'''

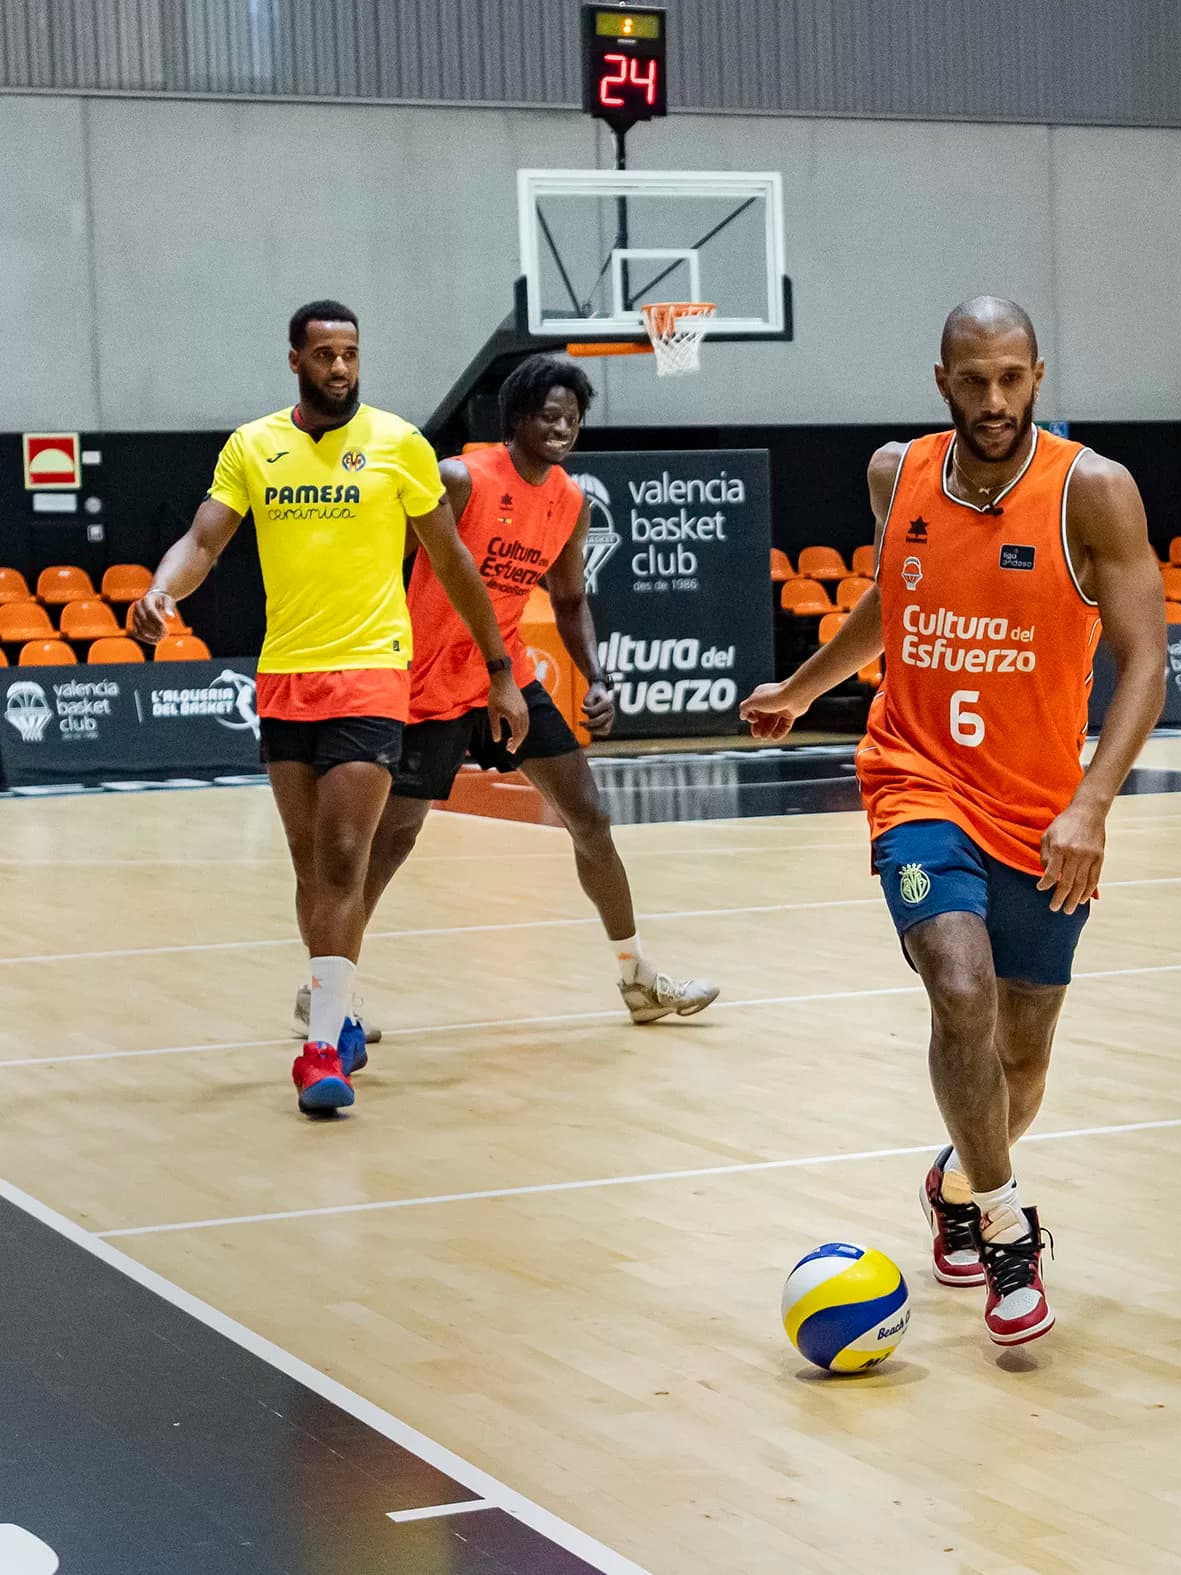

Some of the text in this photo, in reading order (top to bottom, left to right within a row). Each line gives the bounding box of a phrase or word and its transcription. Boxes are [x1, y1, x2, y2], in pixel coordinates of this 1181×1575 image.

[600, 54, 656, 106] 24
[265, 485, 360, 505] PAMESA
[628, 471, 745, 504] valencia
[631, 508, 728, 542] basket
[487, 536, 542, 564] Cultura
[631, 543, 698, 577] club
[633, 578, 698, 592] des de 1986
[903, 604, 1035, 642] Cultura del
[598, 632, 735, 672] ltura del
[902, 635, 1036, 673] Esfuerzo
[53, 679, 120, 697] valencia
[609, 672, 738, 714] fuerzo
[56, 697, 112, 715] basket
[153, 701, 234, 716] DEL BASKET
[950, 689, 985, 747] 6
[59, 715, 97, 732] club

'''

• ASSIGNMENT: Omit the pictures and reproduce the records above exactly.

• EXERCISE OUTPUT:
Some of the text in this photo, in reading order (top to bottom, left to right within a row). Each line gives the bounding box of a phrase or word and its transcription. Boxes are [x1, y1, x2, y2], in pixel coordinates of this 1181×1575 image.

[600, 54, 656, 106] 24
[265, 485, 360, 505] PAMESA
[628, 471, 745, 504] valencia
[631, 508, 728, 542] basket
[487, 536, 542, 564] Cultura
[631, 543, 698, 577] club
[633, 578, 698, 592] des de 1986
[903, 604, 1035, 642] Cultura del
[598, 632, 735, 672] ltura del
[902, 635, 1036, 673] Esfuerzo
[53, 679, 120, 697] valencia
[609, 672, 738, 714] fuerzo
[56, 697, 112, 715] basket
[153, 701, 234, 716] DEL BASKET
[950, 689, 985, 747] 6
[59, 715, 97, 732] club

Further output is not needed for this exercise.